My solution: Take \((a_1,a_2,a_3,a_4,b_1,b_2,b_3)=(m^2+n^2,12k,9k,36k, m^2n^2, 2mn, 39k)\) , where \(m\) is odd, \(n\) is even and \(k\) is any integer that makes each of the 7 numbers distinct. Since we have odd and even numbers in the tuple, they have no common factor. It is easy to verify that \((m^2+n^2)^2+(12k)^2+(9k)^2+(36k)^2=(m^2n^2)^2+( 2mn)^2+( 39k)^2 \).
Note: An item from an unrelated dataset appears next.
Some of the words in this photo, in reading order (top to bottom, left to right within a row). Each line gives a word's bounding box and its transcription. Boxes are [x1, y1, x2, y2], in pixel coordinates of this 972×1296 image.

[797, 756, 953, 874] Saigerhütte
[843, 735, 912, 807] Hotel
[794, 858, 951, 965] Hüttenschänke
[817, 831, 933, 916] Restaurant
There are infinitely many such \(m,n,k\), so infinitely many such 7tuples.
Could someone please check whether this solution works.
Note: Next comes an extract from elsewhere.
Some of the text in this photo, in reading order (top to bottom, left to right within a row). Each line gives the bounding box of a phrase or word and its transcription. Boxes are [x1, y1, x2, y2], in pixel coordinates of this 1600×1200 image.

PS: I assumed that it is not mandatory that the numbers are pairwise coprime as the problem does not say so.
 This topic was modified 3 months, 3 weeks ago by Writika Sarkar. Reason: latex
July 10, 2018 at 11:20 pm #21683first of all i am assuming that numbers are not supposed to be pairwise co prime so your solution need more work on m,n,k . You have to show what exact condition we need on k to get perfect solution out of it.Here I have different approach.
now take a2=3 a3=4 a4=12 and b3=13 and now we know that we have infinite pythagorean triples so we will take (a1,b1,b2) as a pythagorean triple. where a1^2=b1^2 + b2^2 wlog assume that b1>b2 so we take all pythagorean triples with b2>13 as condition.
July 30, 2018 at 11:39 pm #21802Yes, Shantanu is correct, they want to say,
pairwise distinct and no common factor
i.e; it is mendetory to consider that they are paurwise coprime. Otherwise, it is pointless to say that the all seven have “no common factor”, when they have said that they are “pairwise distinct”. I will come back with solution. Give it a try again.
 This reply was modified 1 month, 2 weeks ago by Tarit Goswami.
 This reply was modified 1 month, 2 weeks ago by Tarit Goswami.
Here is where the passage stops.